L’apport de l’arrêt: le Conseil d’Etat apporte une importante précision sur la période qui doit être prise en compte lors du calcul du manque à gagner à hauteur duquel doit être indemnisé le candidat irrégulièrement évincé qui présentait une chance sérieuse de remporter le marché.
En effet, la Cour administrative d’appel, en accordant à la Société Valeurs Culinaires une indemnisation de 200.000 euros correspondant à son manque à gagner calculé sur une durée de trois ans englobant la période d’exécution initiale de douze mois ainsi que les deux éventuelles reconductions de même durée, commet une erreur.
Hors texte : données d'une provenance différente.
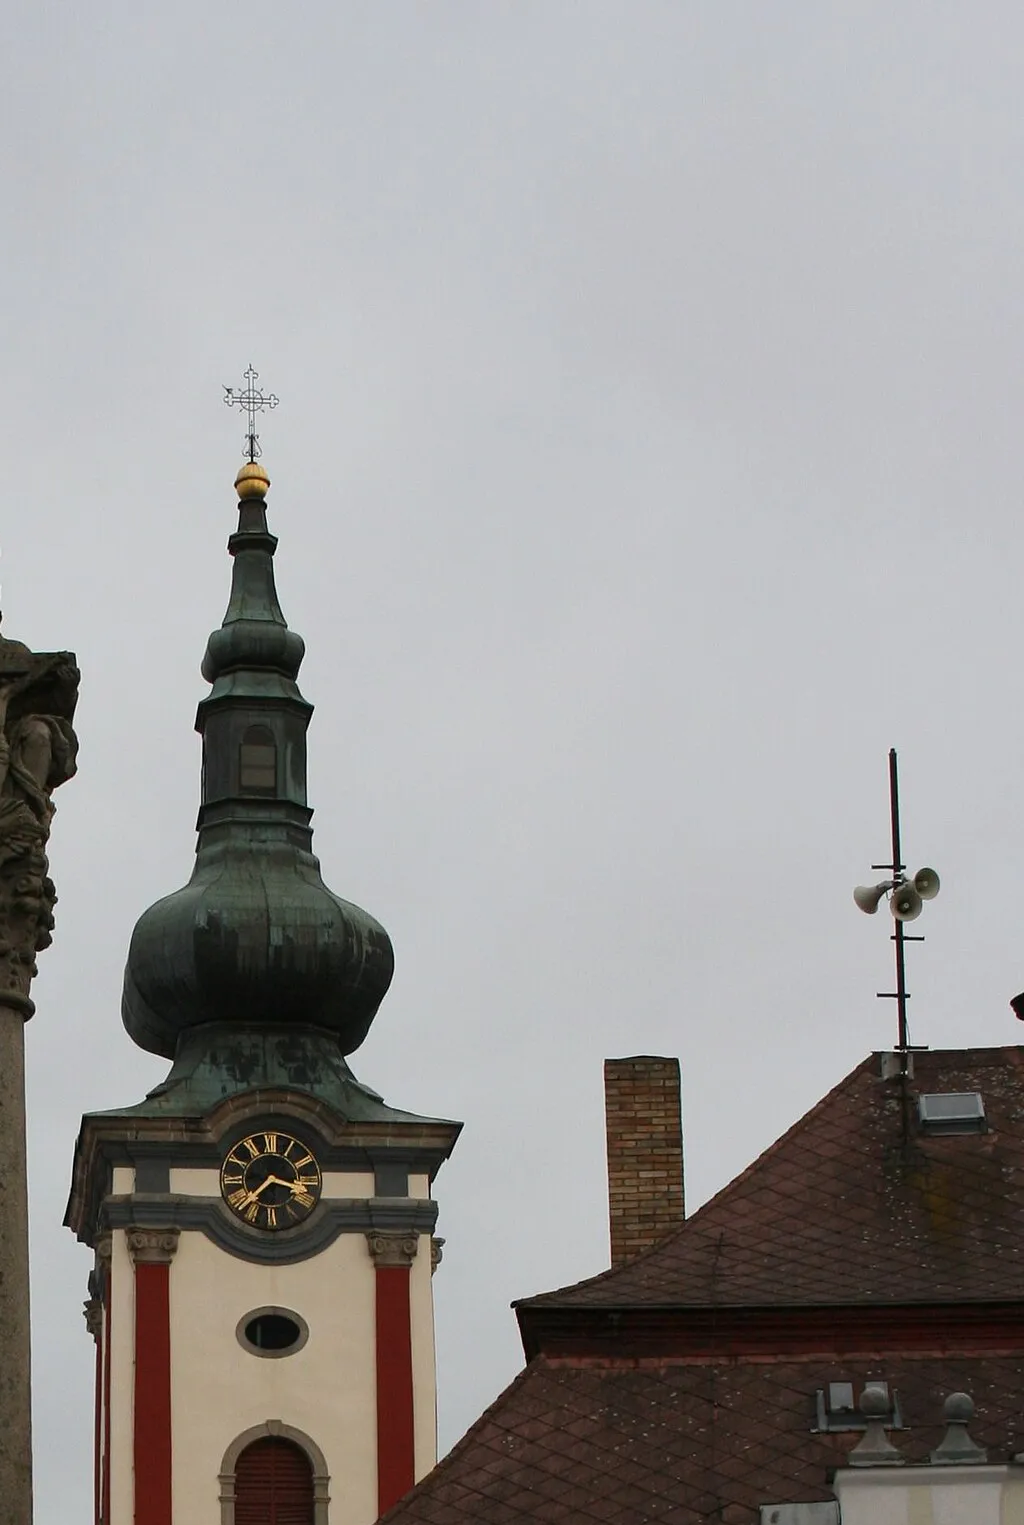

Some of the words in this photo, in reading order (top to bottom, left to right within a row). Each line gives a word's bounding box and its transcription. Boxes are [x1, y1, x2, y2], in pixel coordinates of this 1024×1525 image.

En effet, le Conseil d’Etat souligne que lorsqu’il est saisi par une entreprise qui a droit à l’indemnisation, il appartient au juge d’apprécier le manque à gagner uniquement sur la période d’exécution initiale du contrat et non sur les périodes ultérieures qui ne peuvent résulter que d’éventuelles reconductions.
https://www.legifrance.gouv.fr/affichJuriAdmin.do?idTexte=CETATEXT000039442422
Les faits: Le Port Autonome de Nouvelle-Calédonie (PANC), établissement public à caractère industriel et commercial territorial (EPIC), organise une consultation, afin de conclure une délégation de service public (DSP). Saisi sur le fondement de l'article L. 521-24 du code de justice administrative par un candidat dont l’offre est rejetée, le juge du référé précontractuel, annule la procédure de passation de la DSP au motif que le PANC, qui possède 11% du capital de la SEM, a délibérément favorisé le candidat.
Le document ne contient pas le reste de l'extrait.